At home, the start of elementary school is just weeks away, but this hustle and bustle feels distant on the horizon. Right now, we’re enjoying the golden light shimmering from the Sonoma coastline. Mornings are for pool swimming, and evenings are reserved for epic games of tile rummy. Simple menus unfold at the tables: charcoal-grilled chicken wings with salt and pepper, grilled oysters from Tomales Bay, large pans of buttery, garlicky shrimp. We uncork local wines like Robert Sinskey’s copper-colored Orgia vintage 2016 or Donkey & Goat’s The Gadabout, a barely effervescent, modern nod to classic Californian Chardonnay.

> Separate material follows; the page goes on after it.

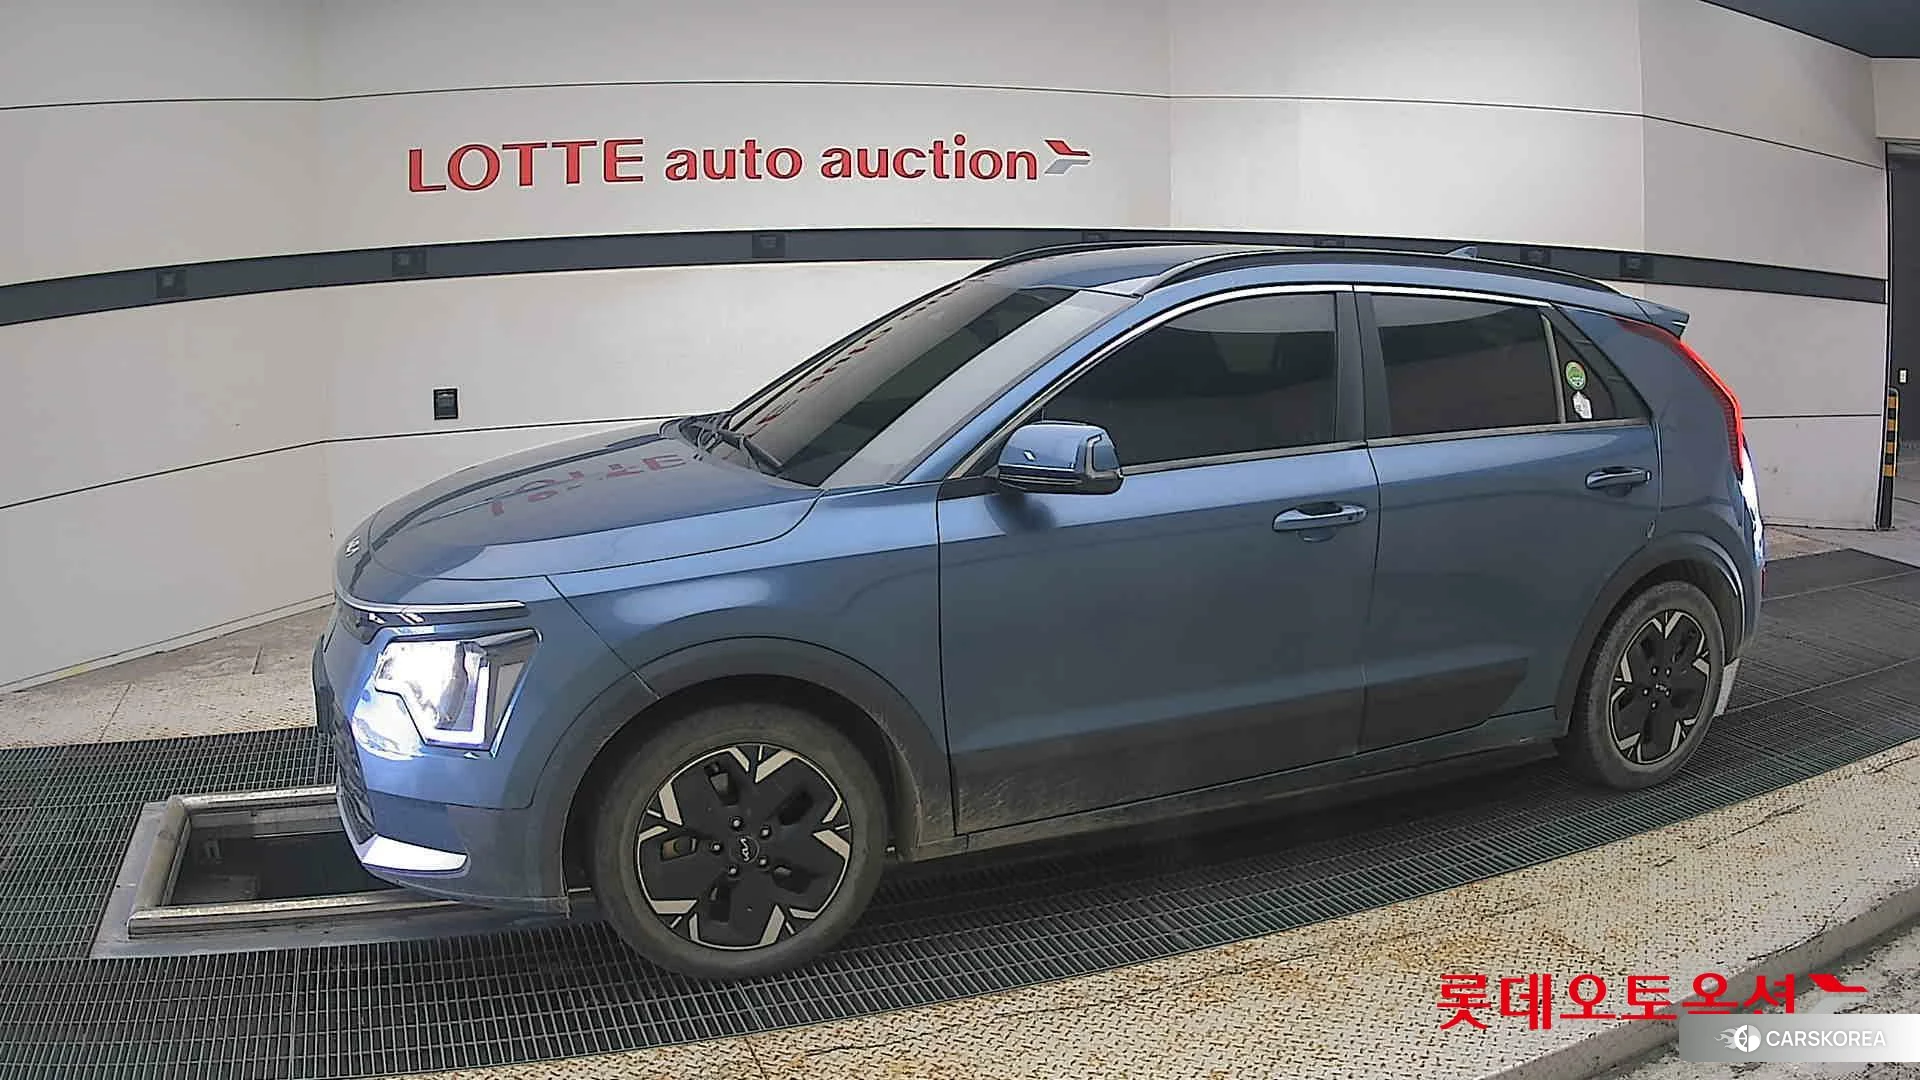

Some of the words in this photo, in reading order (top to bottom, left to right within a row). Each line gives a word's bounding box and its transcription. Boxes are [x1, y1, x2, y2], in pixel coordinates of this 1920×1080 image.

[409, 138, 643, 193] LOTTE
[664, 139, 804, 181] auto
[820, 134, 1039, 181] auction

Three hundred miles south of my location, winemakers Mireia Taribó and Tara Gomez are also redefining our notions of classic Californian wine. F&W accompanies them to a harvest dinner in the Sta. Rita Hills, where the Pacific breeze keeps the grapes cool and perfectly ripened, as seen in their exceptionally robust Camins 2 Dreams Zotovich Vineyard Syrah vintage 2018. This wine would pair just as well with some of the dishes in Margaret Eby’s exploration and celebration of a popular autumn ingredient in “Crazy for Mushrooms”. Every chef needs a favorite mushroom recipe, and our cover star sauté is one of them.

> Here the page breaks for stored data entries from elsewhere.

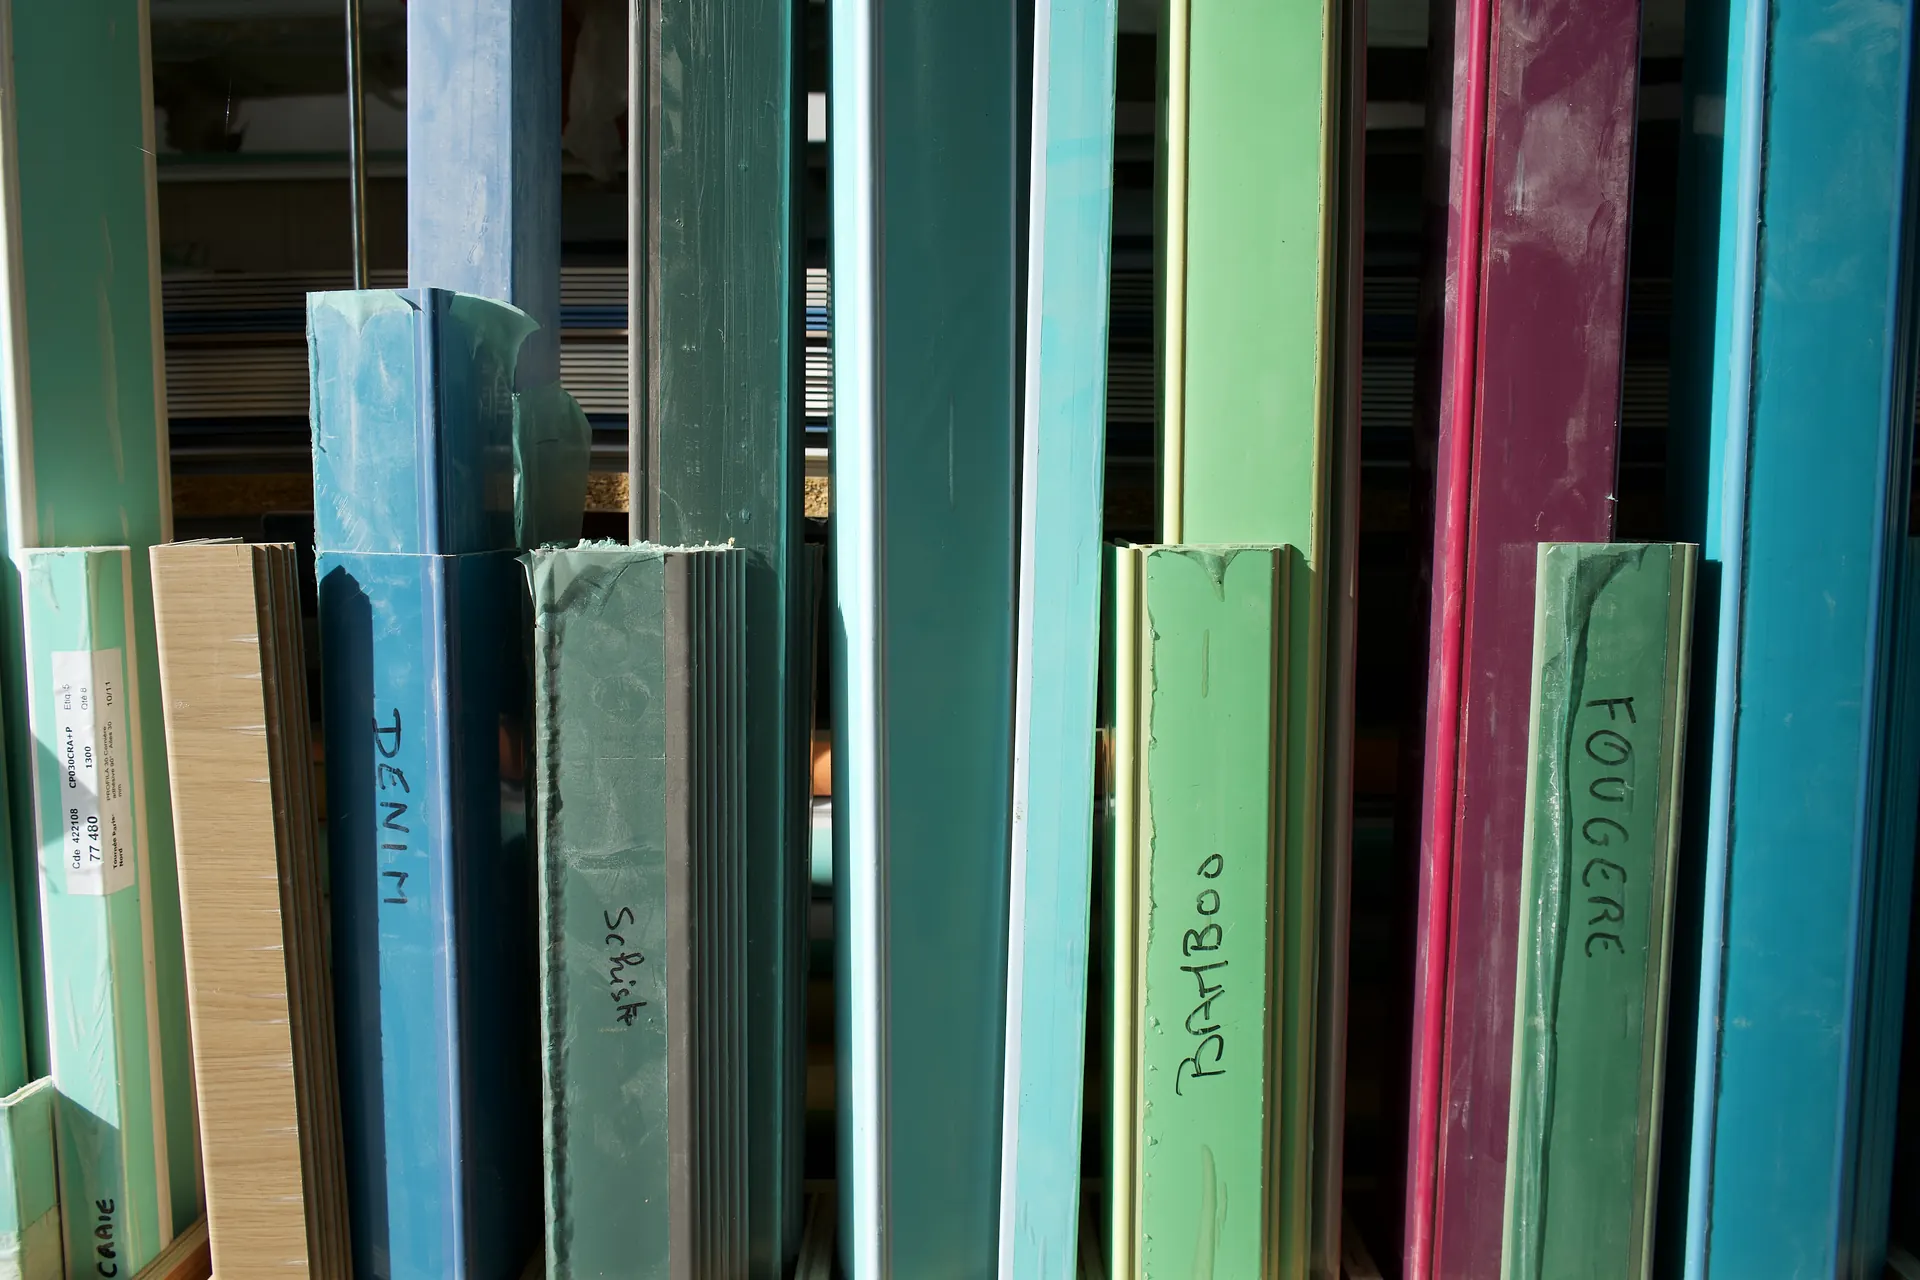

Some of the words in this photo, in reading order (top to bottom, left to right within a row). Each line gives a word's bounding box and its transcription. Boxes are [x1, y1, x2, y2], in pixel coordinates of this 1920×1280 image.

[105, 681, 113, 706] 10/11
[65, 726, 76, 788] CP030CRA+P
[84, 746, 93, 769] 1300
[372, 707, 410, 905] DENIM
[70, 808, 80, 843] 422108
[87, 816, 99, 841] 480
[1582, 696, 1636, 958] FOUGERE
[72, 849, 81, 869] Cde
[89, 845, 101, 862] 77
[1175, 853, 1229, 1096] BAMBOO

One of the few times I’ve ever foraged for mushrooms was along the Sonoma County coast, a paradise for mycologists that yielded a few pounds of delicate yellowfoots. This, alongside Napa Valley, is a place I continually return to, all the way back to the days when I cooked professionally. In 2007, I dreamed of cooking in France but found myself in Sebastopol, tending a charcoal grill at a restaurant. I became obsessed with the quality of Sonoma County’s local ingredients and its intricate landscape of valleys, mountains, forests, and farms. Each return here reveals new layers, and next week, I’ll use Executive Wine Editor Ray Isle’s fresh itinerary to view Healdsburg, the wine hub of Sonoma County, with new eyes. Isle also highlights 37 bargain wines that hit the sweet spot between high quality and affordable prices. This list will be your most used this year, whether you’re planning your next dinner party or just wishing you could open something excellent.

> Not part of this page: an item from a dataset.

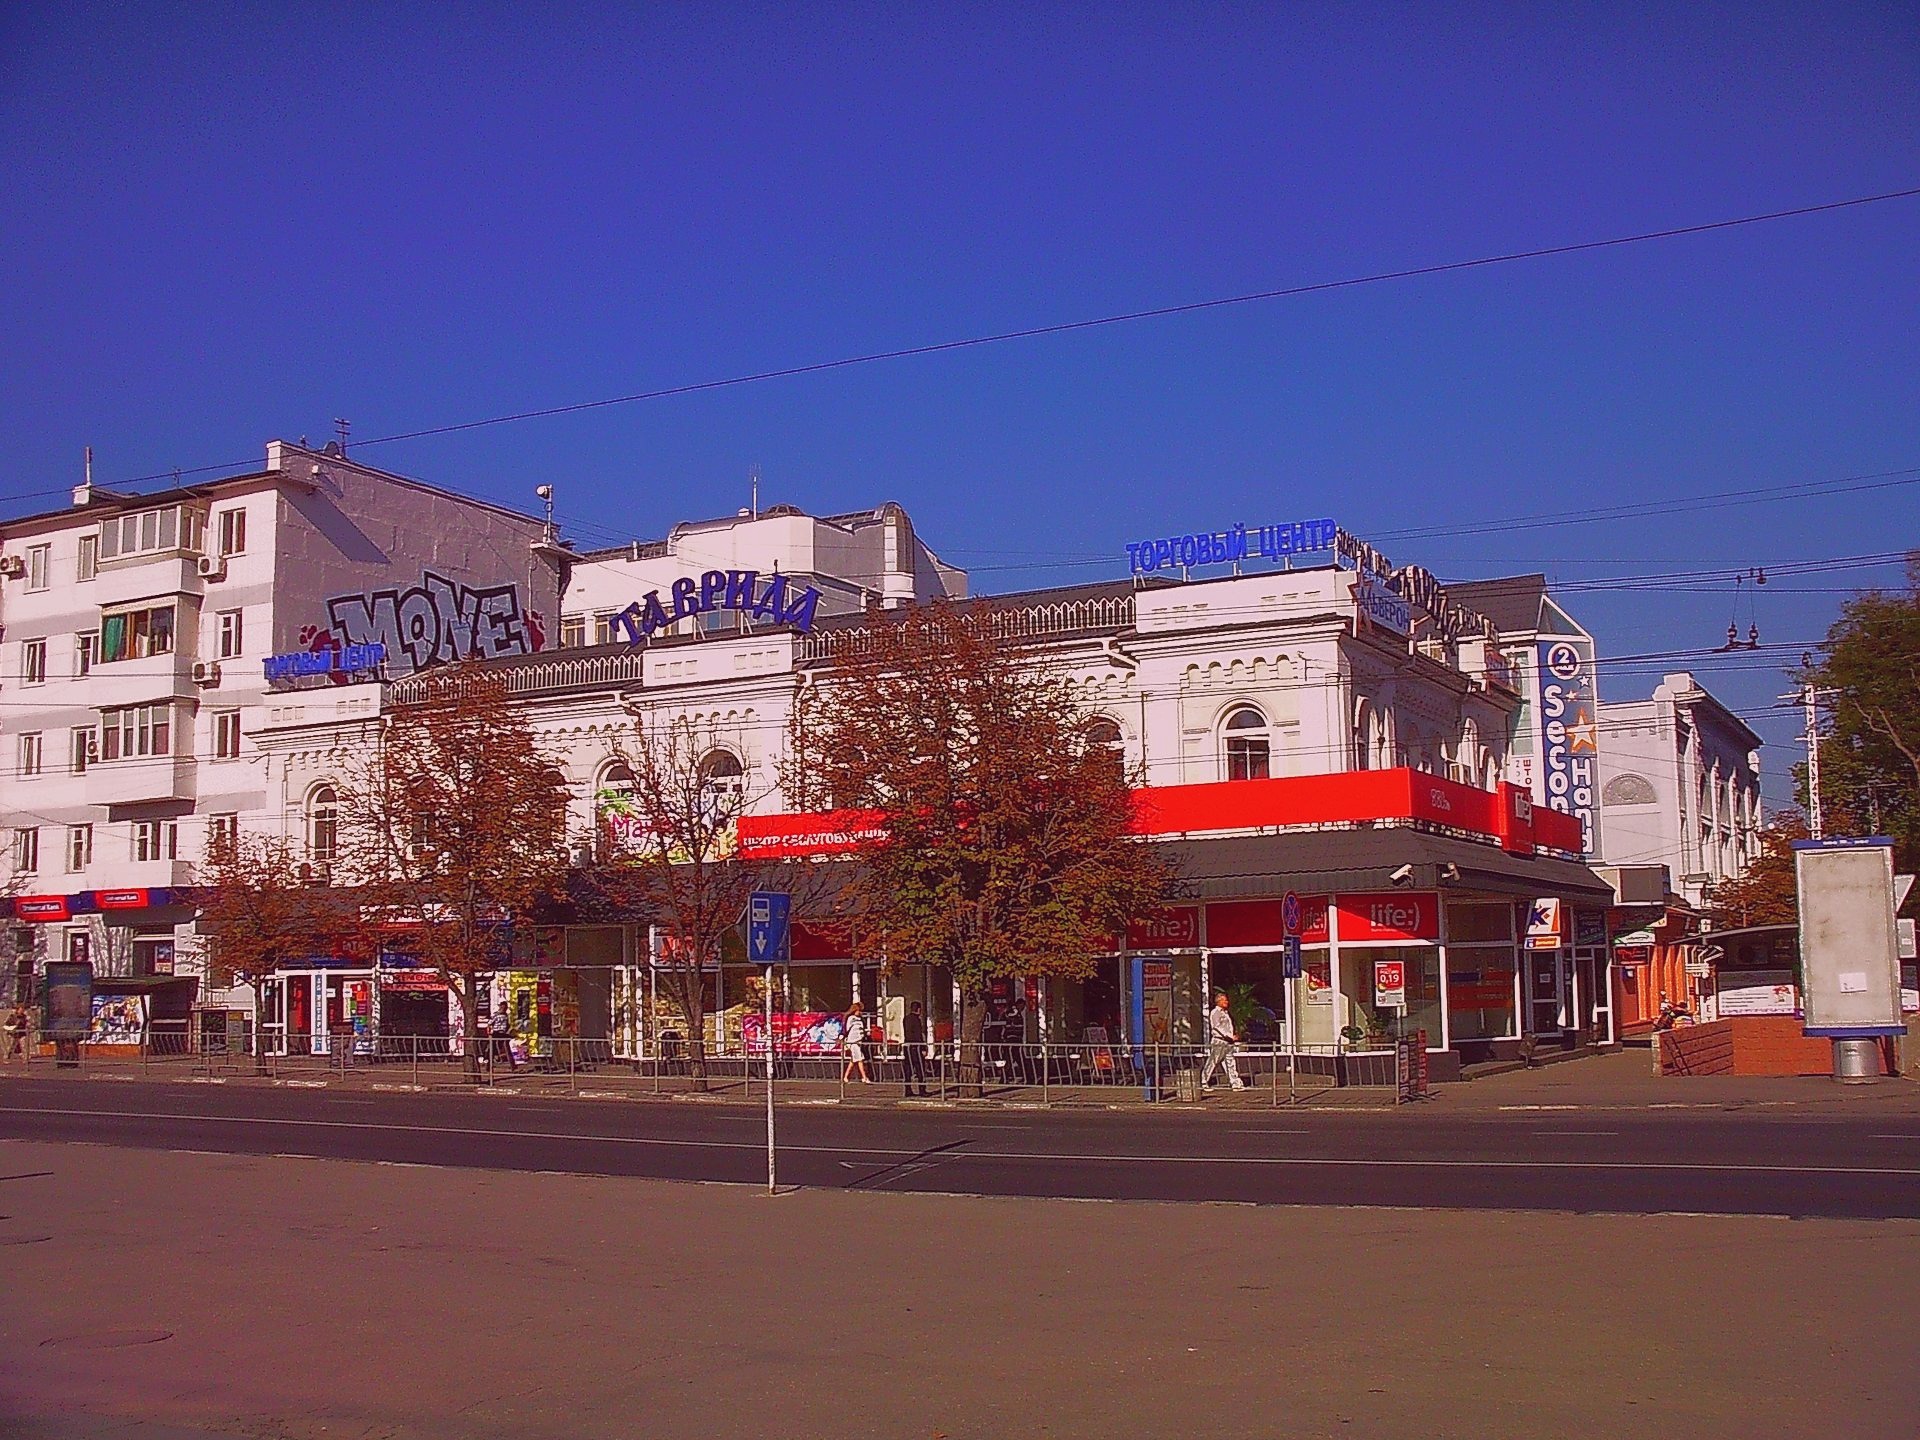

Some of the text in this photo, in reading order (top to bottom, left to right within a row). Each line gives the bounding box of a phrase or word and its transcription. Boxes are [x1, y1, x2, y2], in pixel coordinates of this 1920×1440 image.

“Find good wine, and good food will follow,” writes Steve Hoffman in his ode to the French town of Autignac in “Falling For Faugères”. That could be the mantra for this fall issue of the wine magazine. Just as I return to California wine country whenever I can, Hoffman and his family rent a house in the Faugères wine region every autumn. They visit friend winemakers, cook, and drink with enthusiasm—mineral white wines that pair well with grilled fish from the Mediterranean and powerful red wines that “spectacularly tackle rustic stews like the Daube de Boeuf recipe.” “May you find your own Faugères,” he says, and to that, I concur: I hope you find your own happy place on the road and at the stove this fall.
If you’re planning a winter trip, go like I recently did along the coast of Georgia towards the sun. In Savannah, the obligatory stroll along the river leads to treasures like monstrous geodes and a 135-foot-long dinosaur skeleton dipped in chrome (both found in the fossil exhibit of the JW Marriott’s Generator Hall— the hotel is built in an old power plant). After a day of exploring squares and pocket parks, head to the Grey to taste Mashama Bailey’s food and experience the hospitality she and John O. Morisano have conjured in an old Greyhound bus terminal (one of our 2019 best restaurants in the world). And on the second evening, make an early visit to Pizzeria Vittoria, Kyle Jacovino’s next-level pizza joint in the Starland Yard, the open-air food court crafted from shipping containers. Jacovino uses freshly ground flour for his long-fermented dough; his blistered, wood-fired pizzas, like the Diavola with ‘Nduja, Soppressata, and pickled Calabrian chilis, are among the best in the country. (Really: they landed on our current F&W list of the best pizzas in every state.) Say yes to his wine recommendation of an unfiltered Angelo Negro Roero Arneis and save room for a nightcap, expertly prepared by the pros at the Lone Wolf Lounge, an excellent cocktail spot nearby.